To be honest, I haven’t done my thought work daily and that’s okay. I do sit down to work on my thoughts any time I have an overwhelming or negative thought. I make sure that if I am hurt or pissed off about something, I do at least my half-assed version. Why? Because if I don’t, those thoughts will run my day or my life and may even ruin a good thing.

I’m not perfect in my thought work and I still have a lot of work to do. What I can tell you is that this practice is worth it and just might change your life or release some of that anxiety you are feeling.

Here are a couple of Kara’s recommended steps and questions to use.

Steps:
1. Set a daily time on your calendar for 5 minutes (Yup, all she recommends to start with is 5 minutes!!)
2. Just write until the 5-minute timer goes off.

Questions to use:
1. When did the thought occur?
2. What was happening?
3. What is the exact thought I’m having right now about this?

Kara recommends getting concrete and specific. I recommend adding another question to ask: Is this thought coming from a place of fear? If so, what is the underlying fear?

When doing thought work, you will start to get really familiar with what your negative thoughts are and where they are coming from. This will give you specific areas that you can work on through your personal growth journey. By doing this thought work, you will be able to realize what thoughts are holding you back from releasing the anxiety you are experiencing.

One last question to ask yourself, “What would it feel like to show up and feel absolutely confident about yourself?”

**You can find out more about Kara Loewenthiel’s teachings on thought work at her website or on her podcast.  I listen to her podcast through Google Podcasts.

Give Your Trust Away

I’ve heard this from a couple of the mentors that I follow. Gary Vee and Trent Shelton say this over and over again. I have been doing this for most of my life without any though. It was only in the past couple of years that I started to pull back on giving my trust away. I was tired of giving it away and getting rolled over. But there is a balance that can be had. A balance that I’m learning.

You see, when you give your trust away, you are open to wherever the relationship may go. When you give your trust away, you aren’t putting arbitrary limits on relationships. When you give your trust away, you aren’t bringing baggage to a relationship from a different relationship. You are starting fresh.

When I started to hold back on giving my trust away, I was bringing hurt and baggage from previous relationships to a new one without ever giving the new one a shot. I started resurrecting walls for people I didn’t even know. I started holding more things in again. I stopped sharing as much. I withheld trust, I withheld information, I withheld love, I withheld opportunities because of the baggage I was bringing.

Each time you withhold trust from a new relationship, you are dumping your baggage into that relationship. You are making it messy before there is ever the possibility of an amazing connection.

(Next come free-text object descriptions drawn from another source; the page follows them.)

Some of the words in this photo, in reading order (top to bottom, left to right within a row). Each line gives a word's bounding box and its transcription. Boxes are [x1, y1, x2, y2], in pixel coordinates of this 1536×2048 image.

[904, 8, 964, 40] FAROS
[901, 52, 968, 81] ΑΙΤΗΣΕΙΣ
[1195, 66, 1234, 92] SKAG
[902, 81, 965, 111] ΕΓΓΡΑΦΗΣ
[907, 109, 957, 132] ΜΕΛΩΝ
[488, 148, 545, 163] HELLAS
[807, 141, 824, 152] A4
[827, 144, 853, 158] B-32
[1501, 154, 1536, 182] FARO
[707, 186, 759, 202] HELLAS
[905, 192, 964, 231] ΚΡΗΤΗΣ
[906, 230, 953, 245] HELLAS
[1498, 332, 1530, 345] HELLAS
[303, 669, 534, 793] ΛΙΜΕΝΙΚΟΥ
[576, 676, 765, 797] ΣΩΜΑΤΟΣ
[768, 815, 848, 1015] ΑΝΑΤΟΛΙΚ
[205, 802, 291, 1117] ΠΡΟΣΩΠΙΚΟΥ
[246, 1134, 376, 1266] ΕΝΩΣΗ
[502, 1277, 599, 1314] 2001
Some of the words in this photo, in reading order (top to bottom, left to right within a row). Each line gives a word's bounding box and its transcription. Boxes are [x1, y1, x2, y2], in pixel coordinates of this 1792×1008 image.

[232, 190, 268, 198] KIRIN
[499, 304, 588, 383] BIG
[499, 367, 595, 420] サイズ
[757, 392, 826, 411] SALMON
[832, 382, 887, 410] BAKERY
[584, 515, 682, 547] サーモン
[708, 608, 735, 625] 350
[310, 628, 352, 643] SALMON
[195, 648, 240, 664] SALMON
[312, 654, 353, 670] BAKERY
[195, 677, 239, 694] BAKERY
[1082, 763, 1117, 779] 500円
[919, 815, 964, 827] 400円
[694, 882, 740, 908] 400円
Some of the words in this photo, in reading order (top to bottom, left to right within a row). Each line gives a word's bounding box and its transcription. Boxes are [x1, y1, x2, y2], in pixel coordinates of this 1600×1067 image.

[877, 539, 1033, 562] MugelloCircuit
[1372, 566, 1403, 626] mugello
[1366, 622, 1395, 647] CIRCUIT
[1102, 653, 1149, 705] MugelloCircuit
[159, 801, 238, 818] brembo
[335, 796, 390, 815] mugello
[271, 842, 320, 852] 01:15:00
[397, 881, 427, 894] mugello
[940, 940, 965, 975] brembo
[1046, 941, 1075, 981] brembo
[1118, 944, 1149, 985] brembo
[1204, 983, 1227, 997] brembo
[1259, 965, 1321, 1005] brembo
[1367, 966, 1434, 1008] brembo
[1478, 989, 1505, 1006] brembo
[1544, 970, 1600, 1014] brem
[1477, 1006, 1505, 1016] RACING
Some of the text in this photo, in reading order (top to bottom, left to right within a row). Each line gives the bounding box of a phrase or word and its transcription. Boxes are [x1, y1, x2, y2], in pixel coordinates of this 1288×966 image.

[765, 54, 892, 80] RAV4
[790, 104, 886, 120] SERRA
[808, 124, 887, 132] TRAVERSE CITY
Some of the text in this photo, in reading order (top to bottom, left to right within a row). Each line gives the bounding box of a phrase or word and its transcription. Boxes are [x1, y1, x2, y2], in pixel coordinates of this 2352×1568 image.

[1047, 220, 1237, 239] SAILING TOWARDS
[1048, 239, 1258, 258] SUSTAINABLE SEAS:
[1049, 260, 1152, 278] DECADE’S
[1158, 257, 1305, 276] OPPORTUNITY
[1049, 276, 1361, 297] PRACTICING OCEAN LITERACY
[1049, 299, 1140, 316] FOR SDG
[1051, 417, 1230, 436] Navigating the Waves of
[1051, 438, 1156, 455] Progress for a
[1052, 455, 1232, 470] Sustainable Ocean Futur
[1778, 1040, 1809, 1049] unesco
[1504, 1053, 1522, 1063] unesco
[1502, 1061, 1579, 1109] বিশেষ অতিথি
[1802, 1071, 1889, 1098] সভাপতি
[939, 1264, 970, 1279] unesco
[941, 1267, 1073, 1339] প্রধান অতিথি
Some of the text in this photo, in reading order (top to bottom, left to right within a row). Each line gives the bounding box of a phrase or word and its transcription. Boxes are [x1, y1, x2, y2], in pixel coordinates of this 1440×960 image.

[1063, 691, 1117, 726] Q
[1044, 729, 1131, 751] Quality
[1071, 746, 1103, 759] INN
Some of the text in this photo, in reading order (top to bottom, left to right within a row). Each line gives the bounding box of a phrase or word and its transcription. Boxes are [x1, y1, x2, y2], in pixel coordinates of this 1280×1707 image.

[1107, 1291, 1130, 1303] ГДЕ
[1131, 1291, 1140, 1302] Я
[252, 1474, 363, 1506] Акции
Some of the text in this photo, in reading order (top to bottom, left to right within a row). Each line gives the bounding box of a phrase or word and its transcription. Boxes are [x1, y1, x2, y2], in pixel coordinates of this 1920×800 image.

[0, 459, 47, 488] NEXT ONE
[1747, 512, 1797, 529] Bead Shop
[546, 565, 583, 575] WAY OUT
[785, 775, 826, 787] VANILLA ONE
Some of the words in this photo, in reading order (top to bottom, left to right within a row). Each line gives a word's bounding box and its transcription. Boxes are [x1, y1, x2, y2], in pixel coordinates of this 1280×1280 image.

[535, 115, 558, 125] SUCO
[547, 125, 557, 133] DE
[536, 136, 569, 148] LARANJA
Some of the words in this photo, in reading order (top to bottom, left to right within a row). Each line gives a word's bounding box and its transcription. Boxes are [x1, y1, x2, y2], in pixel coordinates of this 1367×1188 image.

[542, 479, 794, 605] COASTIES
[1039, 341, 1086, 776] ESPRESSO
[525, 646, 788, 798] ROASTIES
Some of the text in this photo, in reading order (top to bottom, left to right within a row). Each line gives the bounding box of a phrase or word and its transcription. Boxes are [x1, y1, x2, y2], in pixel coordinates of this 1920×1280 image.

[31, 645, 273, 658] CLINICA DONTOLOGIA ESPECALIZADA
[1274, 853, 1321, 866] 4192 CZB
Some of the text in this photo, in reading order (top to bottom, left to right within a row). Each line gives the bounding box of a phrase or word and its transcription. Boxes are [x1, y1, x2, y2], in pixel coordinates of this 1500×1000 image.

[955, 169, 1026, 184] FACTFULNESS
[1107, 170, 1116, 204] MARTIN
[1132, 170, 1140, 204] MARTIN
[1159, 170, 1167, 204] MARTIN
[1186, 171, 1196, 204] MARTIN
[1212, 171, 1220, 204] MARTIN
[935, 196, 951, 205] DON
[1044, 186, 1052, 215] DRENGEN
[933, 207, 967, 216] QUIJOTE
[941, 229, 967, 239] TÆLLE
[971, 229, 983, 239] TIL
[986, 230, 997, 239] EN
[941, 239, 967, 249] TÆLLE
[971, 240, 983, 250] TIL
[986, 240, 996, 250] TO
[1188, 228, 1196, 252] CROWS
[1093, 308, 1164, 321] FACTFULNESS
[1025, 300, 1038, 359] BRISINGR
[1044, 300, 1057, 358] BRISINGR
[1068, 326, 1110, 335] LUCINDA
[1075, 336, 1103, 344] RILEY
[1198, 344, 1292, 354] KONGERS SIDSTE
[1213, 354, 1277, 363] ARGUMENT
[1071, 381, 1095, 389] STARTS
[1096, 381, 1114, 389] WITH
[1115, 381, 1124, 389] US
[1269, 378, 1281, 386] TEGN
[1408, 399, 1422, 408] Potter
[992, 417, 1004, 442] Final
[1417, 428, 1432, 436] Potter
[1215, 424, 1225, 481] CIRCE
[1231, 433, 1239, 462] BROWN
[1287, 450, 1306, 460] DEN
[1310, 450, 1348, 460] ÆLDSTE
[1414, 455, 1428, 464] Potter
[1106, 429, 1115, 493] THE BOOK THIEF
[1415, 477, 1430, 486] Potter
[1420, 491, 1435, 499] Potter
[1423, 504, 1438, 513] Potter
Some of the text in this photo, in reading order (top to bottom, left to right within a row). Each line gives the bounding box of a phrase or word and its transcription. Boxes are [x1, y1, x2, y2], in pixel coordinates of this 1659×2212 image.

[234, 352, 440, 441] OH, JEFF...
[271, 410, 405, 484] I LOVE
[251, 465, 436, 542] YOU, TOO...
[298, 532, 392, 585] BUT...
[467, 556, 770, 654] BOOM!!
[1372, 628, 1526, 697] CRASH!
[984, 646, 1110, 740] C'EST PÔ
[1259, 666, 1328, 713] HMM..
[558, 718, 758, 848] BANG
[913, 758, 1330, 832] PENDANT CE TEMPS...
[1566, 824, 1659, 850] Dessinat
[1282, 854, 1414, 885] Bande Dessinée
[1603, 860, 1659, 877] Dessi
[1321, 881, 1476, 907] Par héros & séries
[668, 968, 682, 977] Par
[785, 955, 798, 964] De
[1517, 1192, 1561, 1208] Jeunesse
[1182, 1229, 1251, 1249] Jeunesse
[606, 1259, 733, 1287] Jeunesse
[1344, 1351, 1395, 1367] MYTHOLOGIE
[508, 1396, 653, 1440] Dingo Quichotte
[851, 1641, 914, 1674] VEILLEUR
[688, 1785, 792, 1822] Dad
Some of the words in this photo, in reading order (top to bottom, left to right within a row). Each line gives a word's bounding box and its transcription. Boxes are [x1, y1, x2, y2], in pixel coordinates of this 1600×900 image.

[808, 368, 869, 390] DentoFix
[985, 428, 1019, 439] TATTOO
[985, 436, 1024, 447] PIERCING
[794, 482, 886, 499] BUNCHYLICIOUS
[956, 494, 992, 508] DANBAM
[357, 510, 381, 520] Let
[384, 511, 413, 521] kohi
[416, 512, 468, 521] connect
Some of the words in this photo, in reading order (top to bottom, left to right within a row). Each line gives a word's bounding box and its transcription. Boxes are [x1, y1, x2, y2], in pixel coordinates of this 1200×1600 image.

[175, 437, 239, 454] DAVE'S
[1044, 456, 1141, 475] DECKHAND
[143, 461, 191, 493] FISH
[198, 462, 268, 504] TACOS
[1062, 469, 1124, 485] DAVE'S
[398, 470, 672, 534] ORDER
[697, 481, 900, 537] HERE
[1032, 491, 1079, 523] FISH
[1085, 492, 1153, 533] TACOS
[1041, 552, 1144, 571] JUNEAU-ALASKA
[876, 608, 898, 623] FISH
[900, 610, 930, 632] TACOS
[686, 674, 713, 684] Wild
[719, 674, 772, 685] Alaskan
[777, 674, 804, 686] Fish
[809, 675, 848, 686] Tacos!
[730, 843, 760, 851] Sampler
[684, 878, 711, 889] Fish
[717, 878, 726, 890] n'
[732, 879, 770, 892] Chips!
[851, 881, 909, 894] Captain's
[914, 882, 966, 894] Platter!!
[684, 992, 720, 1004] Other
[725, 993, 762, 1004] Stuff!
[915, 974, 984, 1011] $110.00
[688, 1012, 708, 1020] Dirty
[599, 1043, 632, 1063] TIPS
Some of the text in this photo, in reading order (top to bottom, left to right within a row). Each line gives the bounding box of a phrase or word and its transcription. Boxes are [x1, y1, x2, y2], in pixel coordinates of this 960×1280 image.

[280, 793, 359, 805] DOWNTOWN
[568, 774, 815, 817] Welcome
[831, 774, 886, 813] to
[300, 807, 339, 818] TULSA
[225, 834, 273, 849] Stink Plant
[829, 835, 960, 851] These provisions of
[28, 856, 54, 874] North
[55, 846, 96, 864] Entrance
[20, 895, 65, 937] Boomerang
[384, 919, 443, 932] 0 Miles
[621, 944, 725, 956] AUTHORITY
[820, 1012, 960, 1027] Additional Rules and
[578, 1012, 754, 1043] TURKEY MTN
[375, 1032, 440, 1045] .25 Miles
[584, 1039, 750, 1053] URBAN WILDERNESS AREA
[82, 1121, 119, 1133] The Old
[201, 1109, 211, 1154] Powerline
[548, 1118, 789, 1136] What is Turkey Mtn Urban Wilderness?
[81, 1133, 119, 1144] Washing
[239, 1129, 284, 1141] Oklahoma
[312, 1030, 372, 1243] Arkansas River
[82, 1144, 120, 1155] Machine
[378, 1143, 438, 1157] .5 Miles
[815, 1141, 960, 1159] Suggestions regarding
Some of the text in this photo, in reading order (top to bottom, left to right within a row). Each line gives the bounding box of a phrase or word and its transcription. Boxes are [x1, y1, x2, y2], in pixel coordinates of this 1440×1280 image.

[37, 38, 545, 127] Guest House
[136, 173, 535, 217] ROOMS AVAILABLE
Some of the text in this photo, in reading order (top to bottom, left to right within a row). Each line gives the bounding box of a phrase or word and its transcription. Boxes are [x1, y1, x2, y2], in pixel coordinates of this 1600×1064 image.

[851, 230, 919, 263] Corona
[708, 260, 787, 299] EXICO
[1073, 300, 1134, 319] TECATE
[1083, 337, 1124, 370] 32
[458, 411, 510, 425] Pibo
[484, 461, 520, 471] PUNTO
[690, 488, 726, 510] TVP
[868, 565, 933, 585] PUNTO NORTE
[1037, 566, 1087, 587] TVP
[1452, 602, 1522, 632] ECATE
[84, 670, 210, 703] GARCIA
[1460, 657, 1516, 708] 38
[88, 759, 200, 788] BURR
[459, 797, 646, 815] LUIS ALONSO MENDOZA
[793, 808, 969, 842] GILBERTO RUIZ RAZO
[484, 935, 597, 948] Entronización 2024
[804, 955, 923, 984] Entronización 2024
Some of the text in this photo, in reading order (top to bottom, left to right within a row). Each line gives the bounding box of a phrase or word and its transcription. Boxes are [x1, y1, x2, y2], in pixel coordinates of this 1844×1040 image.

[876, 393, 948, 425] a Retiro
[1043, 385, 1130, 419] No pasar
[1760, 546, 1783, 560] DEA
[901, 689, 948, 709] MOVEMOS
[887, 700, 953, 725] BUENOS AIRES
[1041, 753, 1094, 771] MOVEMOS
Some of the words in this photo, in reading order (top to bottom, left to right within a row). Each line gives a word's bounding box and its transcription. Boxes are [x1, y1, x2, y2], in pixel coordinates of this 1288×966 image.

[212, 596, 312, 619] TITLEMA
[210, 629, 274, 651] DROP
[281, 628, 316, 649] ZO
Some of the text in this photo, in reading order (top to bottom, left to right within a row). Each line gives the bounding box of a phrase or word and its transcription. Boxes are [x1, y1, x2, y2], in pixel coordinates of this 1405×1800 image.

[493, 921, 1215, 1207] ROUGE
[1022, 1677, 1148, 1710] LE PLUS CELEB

I keep referring to relationships in this conversation about trust, because we trust is about you and someone else. It could be about a situation, but most situations involve people. Most trust baggage involves people. People create situations. People are who we either trust or don’t.

I met some of my closest friends about five years ago. I didn’t freely give my trust away. I have been guarded. It has taken me five years to start releasing baggage from other relationships and start leaning into trust with these friends. It has only been in the past few months that I’ve even shared this website or my desire to become a life coach with them. I didn’t trust them.

You know why? Because I brought baggage from other relationships into these relationships. I was afraid of what they would say, I was afraid they wouldn’t want to be my friend, I was afraid they would think I was stupid, all because of situations with other people I gave my trust away to. I gave them pieces of trust through the years, more and more each year, when I wish I had given them all of my trust in the beginning.

Withholding trust doesn’t just affect personal relationships, it affects career relationships too. It can hold you back in your career because you are withholding trust from previous situations. Your previous boss was a dick? Yeah, not going to be fully open with the new boss until I feel him/her out. Bad move. Your previous coworkers kept you at an arm’s length? Not going to get too close to any coworkers at the new place. Bad move, that wasn’t about you, it was about them. The culture at your last job was tumultuous, at best. Not going to lean into the new culture until you can feel it out. Bad move. Jump in and be yourself.

The more we hold back our trust, the more we hold back who we are, the more we limit ourselves. Stop holding back, stop guarding your trust. It’s easy to take your trust back once it has been broken. It’s not easy to remove the baggage of not trusting.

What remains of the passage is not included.